Small Magazines in Africa: Networks of Curation and Scalability
Christopher Ouma and Madhu Krishnan
The small magazine has held a significant but understudied effect on not only the project of imagining Africa in the long twentieth century, but also of articulating projects of solidarity, intimacy and political action. As a key node within larger ecologies of print culture, the small magazine is notable for the ways in which its flexible form and sometimes eccentric modes of circulation trouble what have come to be seen as ‘orthodox’ or received wisdom as to the nature of self-fashioning and modernity on the African continent. While the ‘smallness’ of its form underlines its context as a site-specific platform of cultural production, it’s networks of circulation and the audiences and publics it convenes point to a wider and much more ambitious intention which cannot be reduced to simplistic or one-dimensional systemic models of understanding. As ‘form’ and therefore a ‘genre’ in the long twentieth century of African cultural production, the small magazine has convened various platforms for the articulation and intersection of various projects, often in intersectional logic; anti-colonialism, pan-Africanism, Anti-apartheid imagination and broader project(s) of decolonization during the second half of the twentieth century. This project seeks to examine how small magazines are able, through the networks they create scale up and scale down their visibility through various strategies of curation and self-fashioning which evolve and transform over time and space. It is the specific nexus of scalability, in tandem with the curatorial potentiality of the small magazine through various models of formal juxtaposition and intellectual patterning, we argue, which has lent it its importance as an archive of the present with respect to African models of intellectual production.
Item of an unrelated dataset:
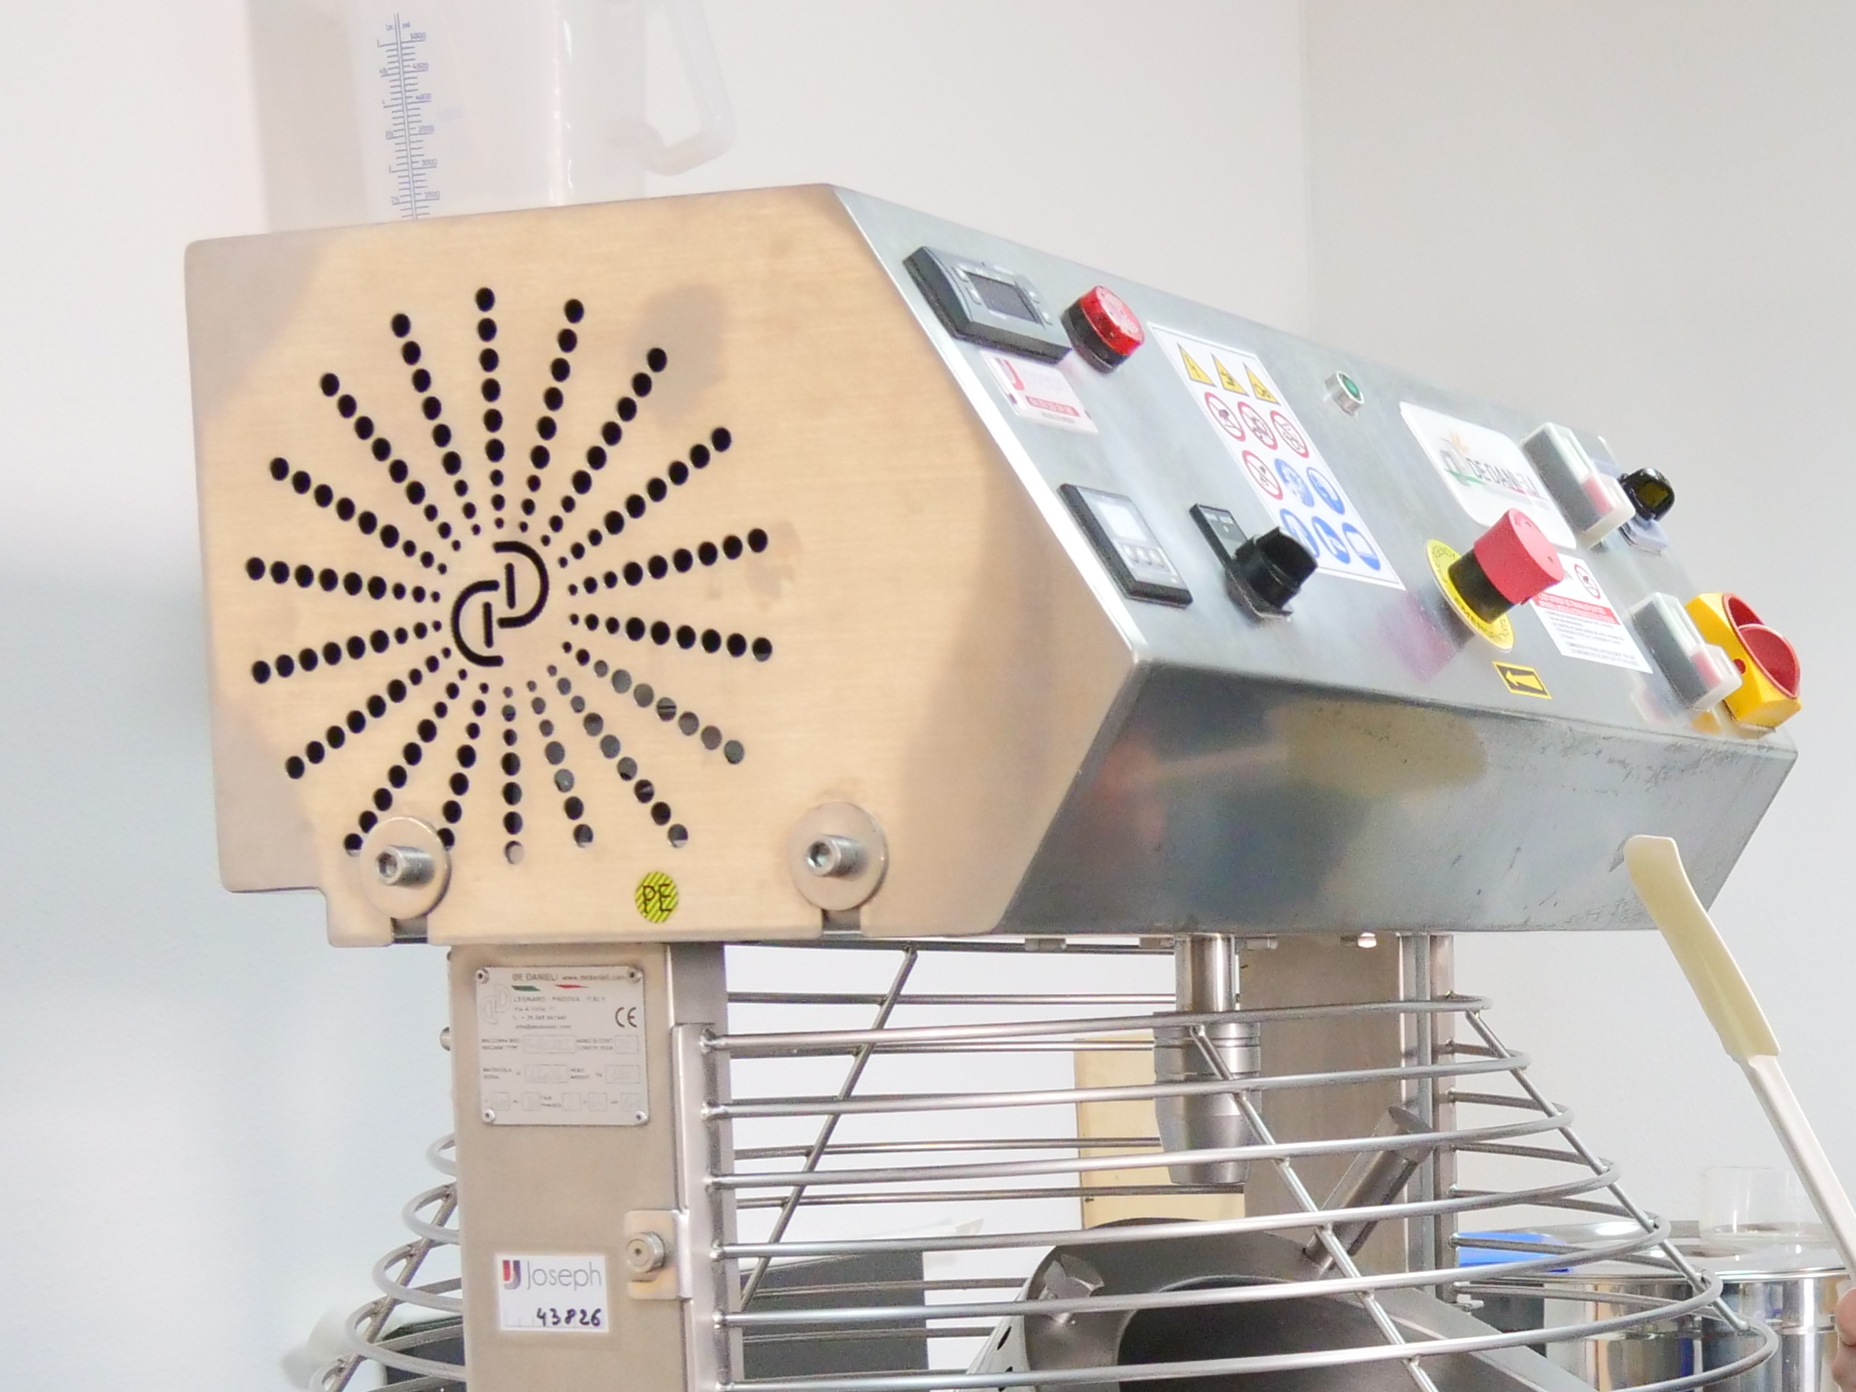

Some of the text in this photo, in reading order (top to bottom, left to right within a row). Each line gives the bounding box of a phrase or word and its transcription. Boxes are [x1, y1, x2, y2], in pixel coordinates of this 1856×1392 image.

[641, 883, 673, 914] PE
[615, 1006, 638, 1028] CE
[536, 1307, 602, 1328] 43826
Such strategies account for the longevity, political and cultural potency of the form which has had a significant footprint in the long twentieth century of political and cultural organization and the imagination of identity in the continent. The project draws from example in magazines such Transition, Black Orpheus, Nexus/Busara, Chimurenga Chronic, Kwani? amongst many others, exploring how media, platform, visibility, publicness, form and genre come together in the small magazine to produce new understandings of African models of modernity, coalition and solidarity.
Christopher E. W. Ouma is an associate Professor with a joint appointment in the Departments of English Literary Studies and African Studies at the University of Cape Town. His research and teaching interests include the broader field of contemporary African and African Diasporic literary and cultural production. He is particularly interested in African popular culture and […]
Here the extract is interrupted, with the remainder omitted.